Hey, guys. Mark Aselstine with Uncorked Ventures, so I’m joined today, I’ll hold this up so you can see. So this is Brecon Estate, which is a small producer in Paso Robles and if you look at the front, it’s titled … What is this exactly? True acacia head, but if you look at the back, you find out pretty quickly that that’s an Albariño and Albariño, if you’re not familiar, is a Spanish wine grape. That’s just first being planted now in warmer places on the central coast. Paso, I think, is gonna be pretty quickly a leader for this. Lodi is also gonna be rated in there with them. So a couple things about Albariño. So first, it does like warm weather and so why are we now kind of messing with Albariño, a Spanish wine grape, as opposed to maybe say the Rhone whites that people have been accustomed to seeing grow in these kind of regions. So it’s really a question of the marketplace changing a little bit. So a generation ago, you would have just planted chardonnay and even if it was really warm, the grape might not have done all that well.
But you would throw it in New Oak and you’d get this kind buttery, oaky kind of oak bomb, is how people would describe it. You’d sell a whole lot of it and you just call it a day and over the past few years, probably over the past decade or so, we’ve started to kind of become more of an old world producer in California. You’re seeing this kind of walking back of alcohol level and of fruit levels and a more focus on finding vineyards that can provide some acidity. That’s really the great part about Albariño when it’s grown in Lodi or in Paso is that it keeps this acidity because the grape is really meant to grow in warm conditions. In fact, probably even warmer than California. So there’s no upper limit on temperature, at least from a normal growing region as we think of it. So Lodi, especially if you go up a few hundred feet in elevation, that’s kind of a great place to grow it. Paso, even if you’re growing east of the 101, which is kind of the warmest section of, you can still grow Albariño and grow it pretty darn well.
So it’s a grape that we’re gonna see more and more. It’s a grape that is going to challenge consumers because of the way it’s sold. If you throw this on a wine list somewhere, you’re not gonna get a whole lot of people other than the very, very serious wine drinkers that are gonna pick it. It takes some actual work from a restaurant. In a wine shop, it’s not going to be in a kind of well designated section.
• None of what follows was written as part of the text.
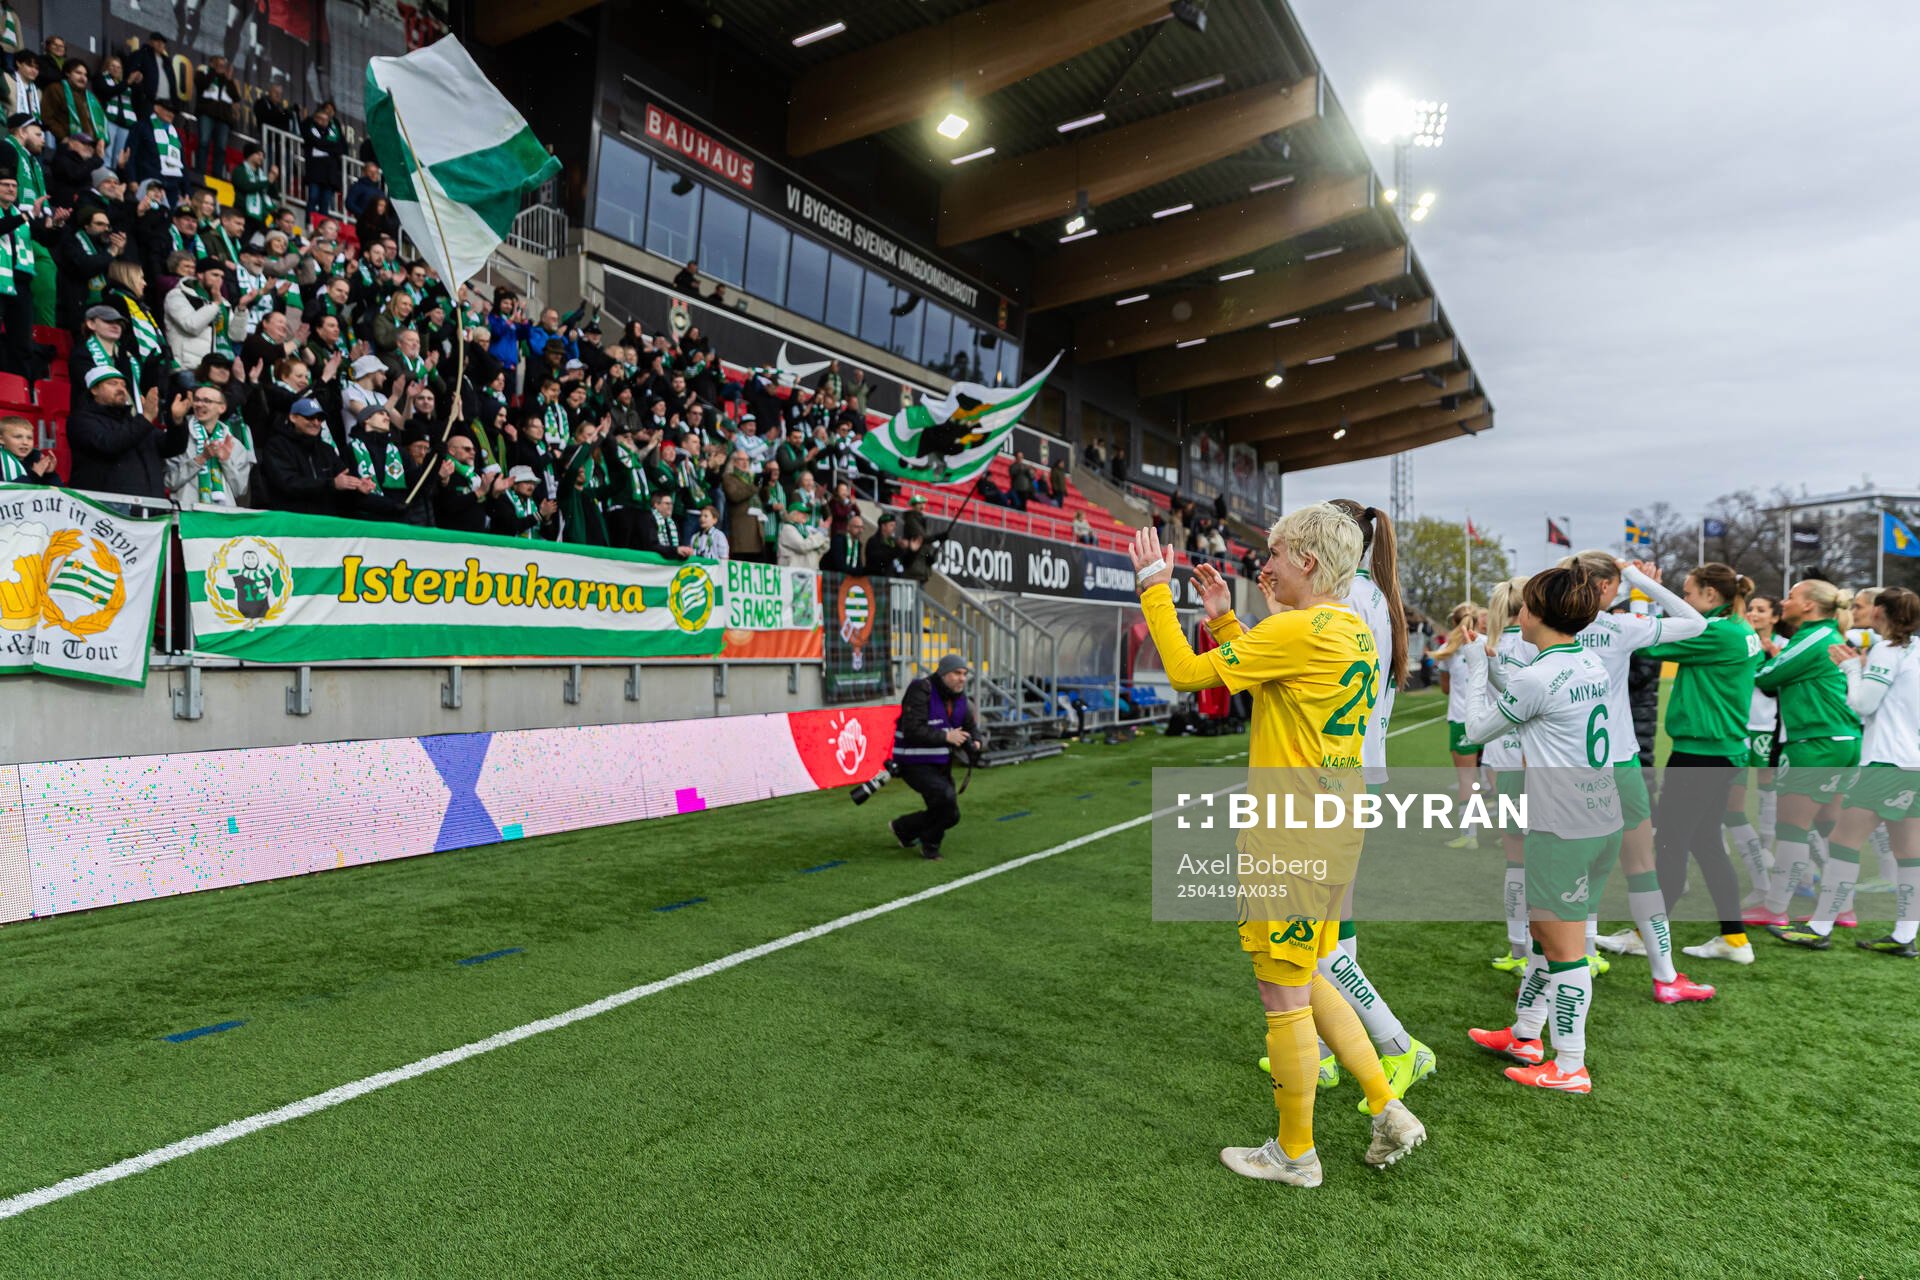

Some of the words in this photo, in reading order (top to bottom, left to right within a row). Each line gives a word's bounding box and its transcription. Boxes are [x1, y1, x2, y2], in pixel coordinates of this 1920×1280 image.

A lot of them have just a white section or they’re broken up by region and all the kind of stuff. There’s no spot where you can go and you’re gonna say, “Okay. There’s three shelves of Albariños.” There’s just not and there’s probably not gonna be for a while. So that’s a real question about how as a vintner and as somebody who sells wine, how do you do this because you want to introduce people to a wine that is better than most of the chardonnay that you drink.
In the case of this Brecon Estate bottle, really one of the true classic Albariños that you’re gonna find in the state of California, really one of the best bottlings that you’re gonna find in the realm of 20 to $30 price point. So in any case, Mark Aselstine with Uncorked Ventures. I don’t know if this will go out to a wine club member shipment or not. I have Exploration Wine Club, which is 40 or so for wine, which leaves $20 a bottle, which makes the 25 or $30 white a little harder to fit in than others. But it’s something that we’re trying to figure out how to deal a little bit more of. We will see Albariño showing up in shipments sometime soon. So I hope everyone is having a good week so far. We’ll talk to you soon.